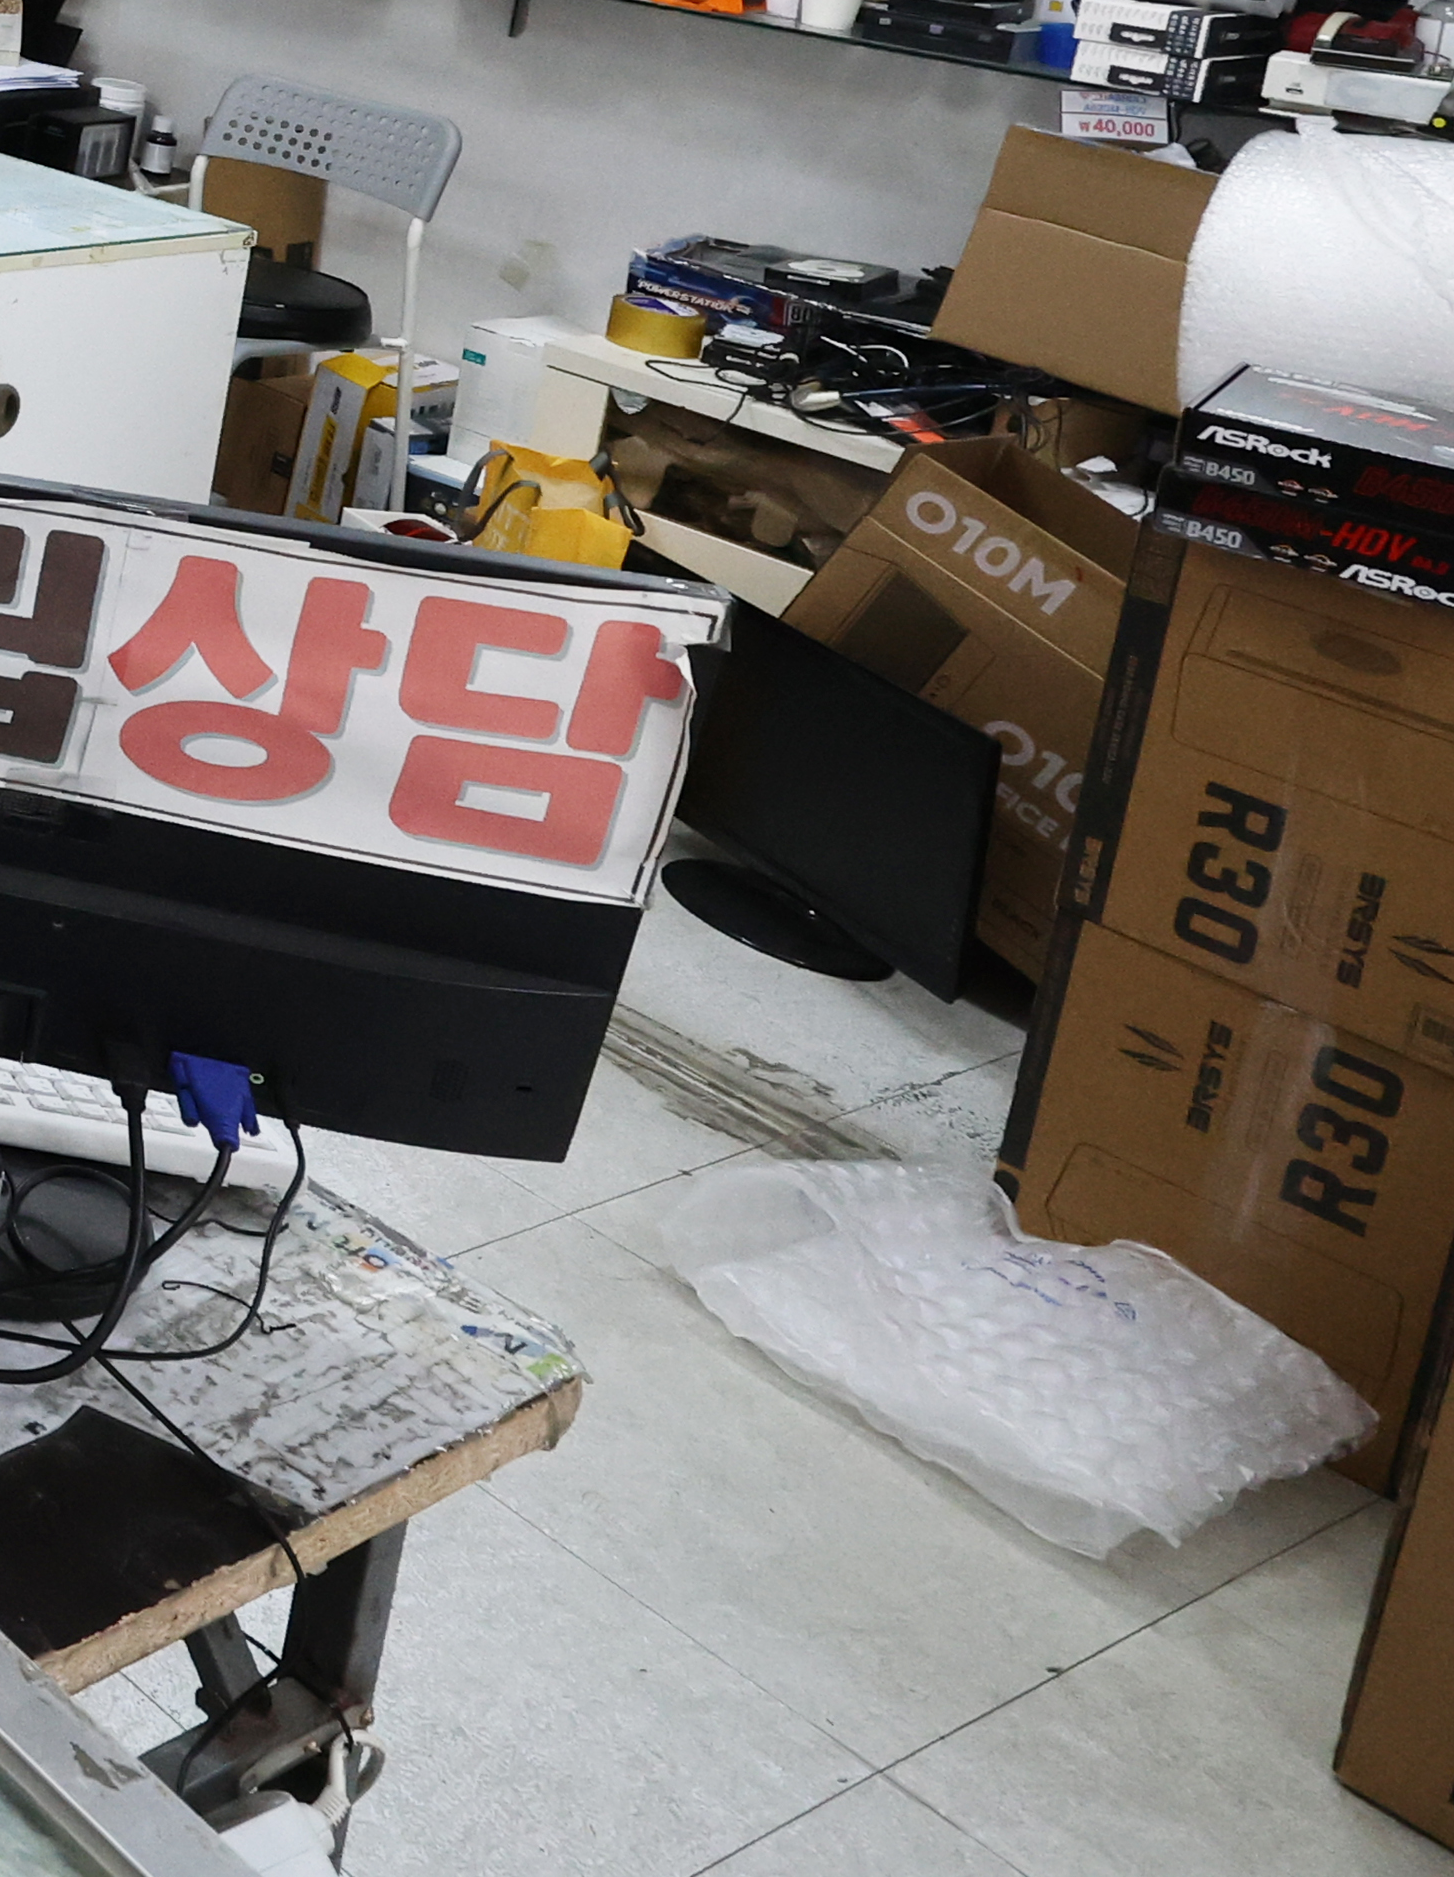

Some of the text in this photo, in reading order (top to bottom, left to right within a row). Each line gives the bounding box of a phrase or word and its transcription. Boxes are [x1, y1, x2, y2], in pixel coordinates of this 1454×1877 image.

[1079, 119, 1155, 138] ₩40,000
[1197, 425, 1333, 469] ASRock
[1206, 461, 1255, 485] B450
[1186, 521, 1242, 549] B450
[1339, 564, 1454, 607] ASRoc
[1173, 780, 1289, 966] R30
[1278, 1044, 1405, 1238] R30
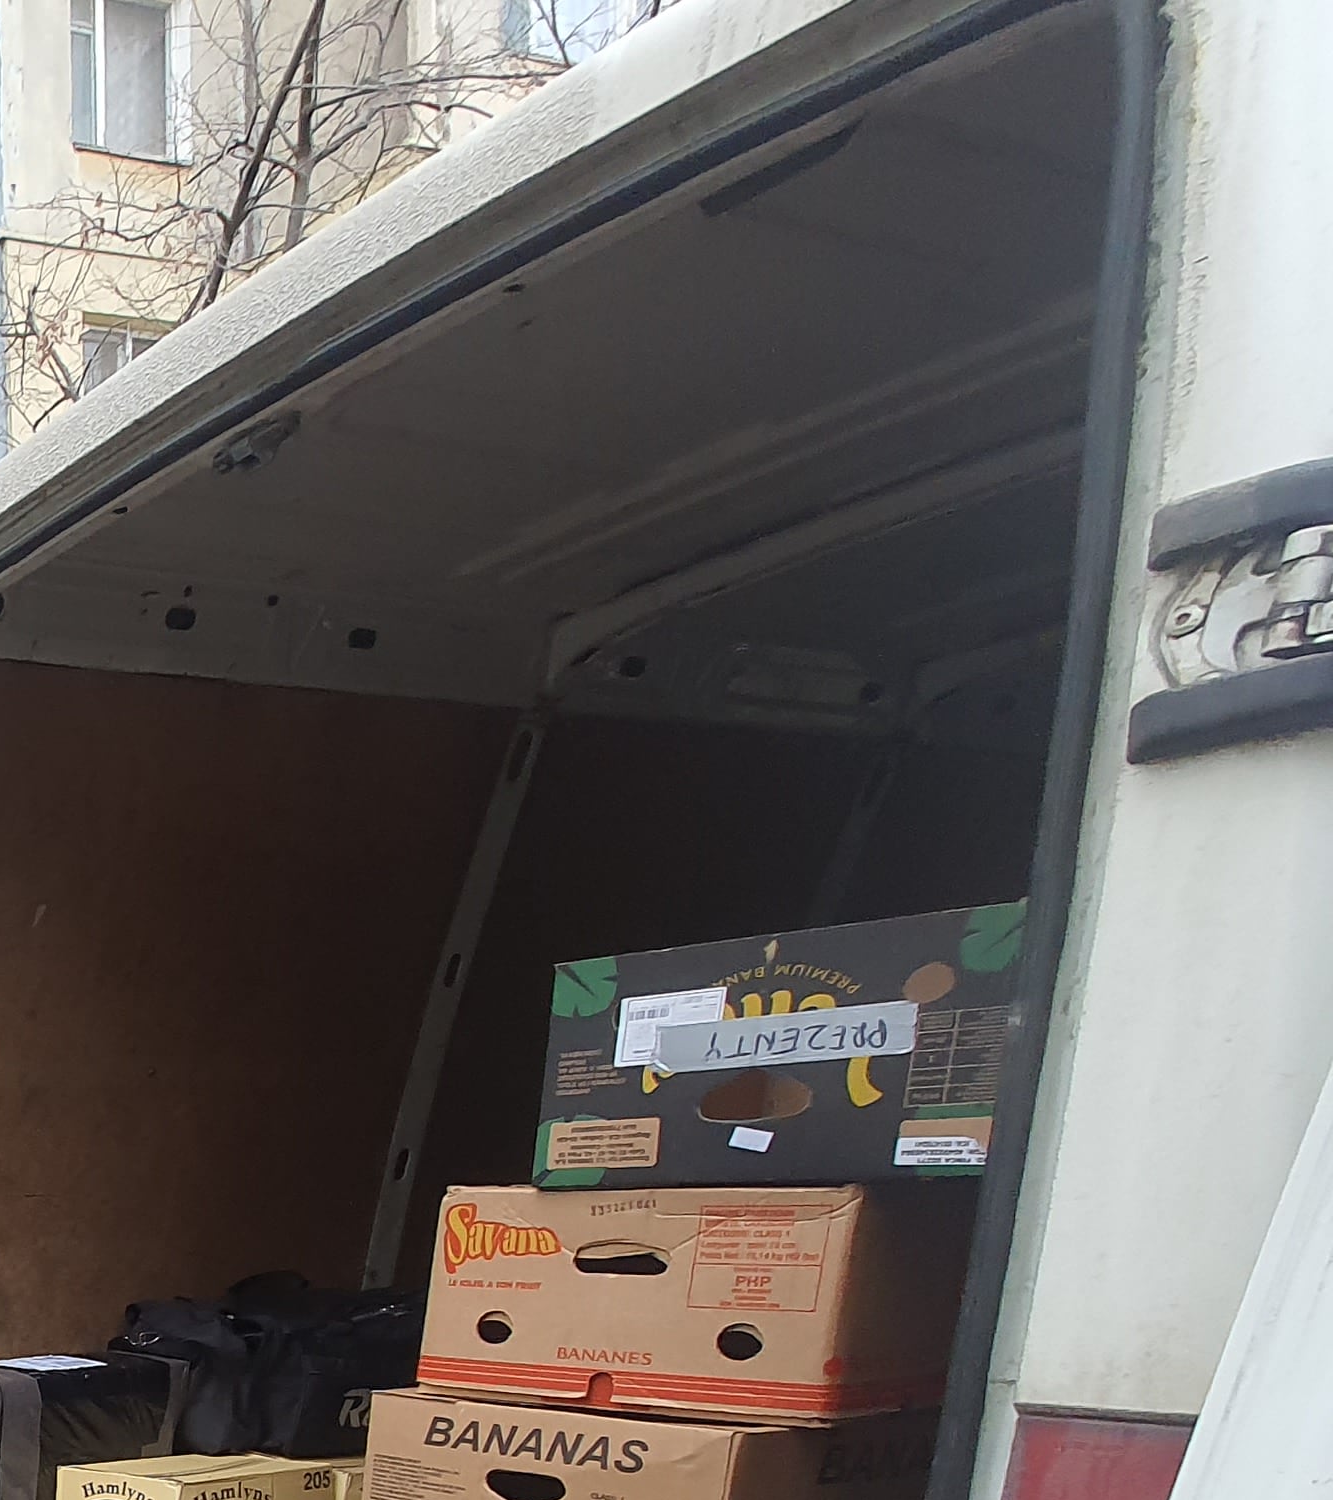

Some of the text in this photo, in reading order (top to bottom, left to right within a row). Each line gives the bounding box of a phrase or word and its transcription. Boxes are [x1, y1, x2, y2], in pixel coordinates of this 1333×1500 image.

[775, 964, 862, 994] PREMIUM
[445, 1203, 562, 1274] Savana
[557, 1347, 652, 1366] BANANES
[424, 1416, 649, 1473] BANANAS
[303, 1470, 331, 1491] 205
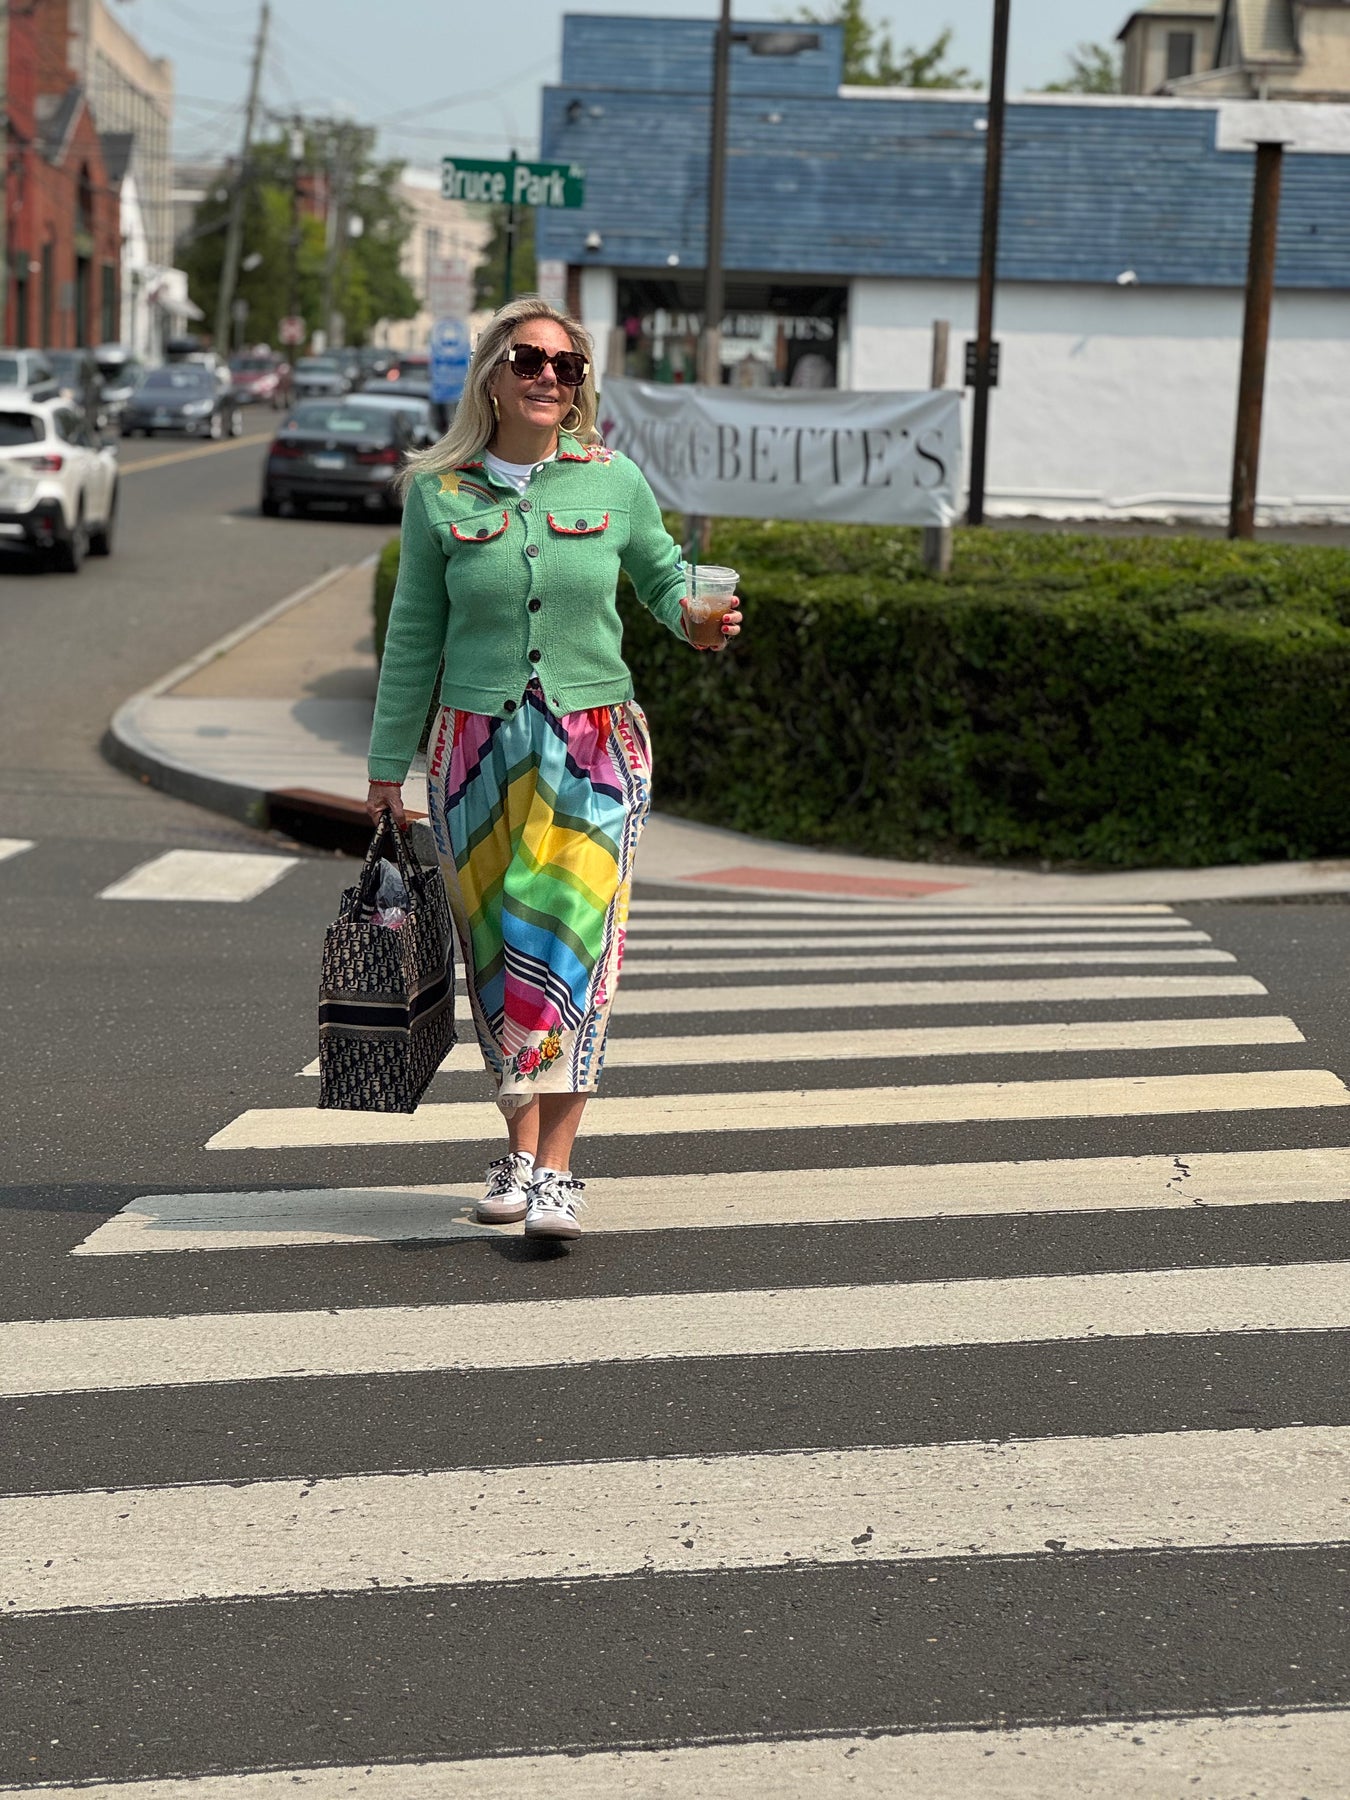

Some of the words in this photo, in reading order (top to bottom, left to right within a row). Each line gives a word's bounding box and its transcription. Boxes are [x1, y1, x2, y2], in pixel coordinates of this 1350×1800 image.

[441, 160, 506, 202] Bruce
[512, 166, 566, 207] Park
[714, 423, 948, 489] BETTE'S
[579, 1010, 602, 1086] HAPPY

++++++++++

» **EXERCISE**
Write the listing out exactly, word for word, but omit the pictures.

» **RESULT FOR THIS TASK**
Some of the text in this photo, in reading order (top to bottom, left to right within a row). Each line gives the bounding box of a phrase or word and its transcription. Boxes are [x1, y1, x2, y2], in pixel coordinates of this 1454×1877 image.

[1079, 119, 1155, 138] ₩40,000
[1197, 425, 1333, 469] ASRock
[1206, 461, 1255, 485] B450
[1186, 521, 1242, 549] B450
[1339, 564, 1454, 607] ASRoc
[1173, 780, 1289, 966] R30
[1278, 1044, 1405, 1238] R30

Some of the text in this photo, in reading order (top to bottom, left to right within a row). Each line gives the bounding box of a phrase or word and its transcription. Boxes are [x1, y1, x2, y2], in pixel coordinates of this 1333×1500 image.

[775, 964, 862, 994] PREMIUM
[445, 1203, 562, 1274] Savana
[557, 1347, 652, 1366] BANANES
[424, 1416, 649, 1473] BANANAS
[303, 1470, 331, 1491] 205

Some of the words in this photo, in reading order (top to bottom, left to right within a row). Each line gives a word's bounding box and its transcription. Boxes are [x1, y1, x2, y2], in pixel coordinates of this 1350×1800 image.

[441, 160, 506, 202] Bruce
[512, 166, 566, 207] Park
[714, 423, 948, 489] BETTE'S
[579, 1010, 602, 1086] HAPPY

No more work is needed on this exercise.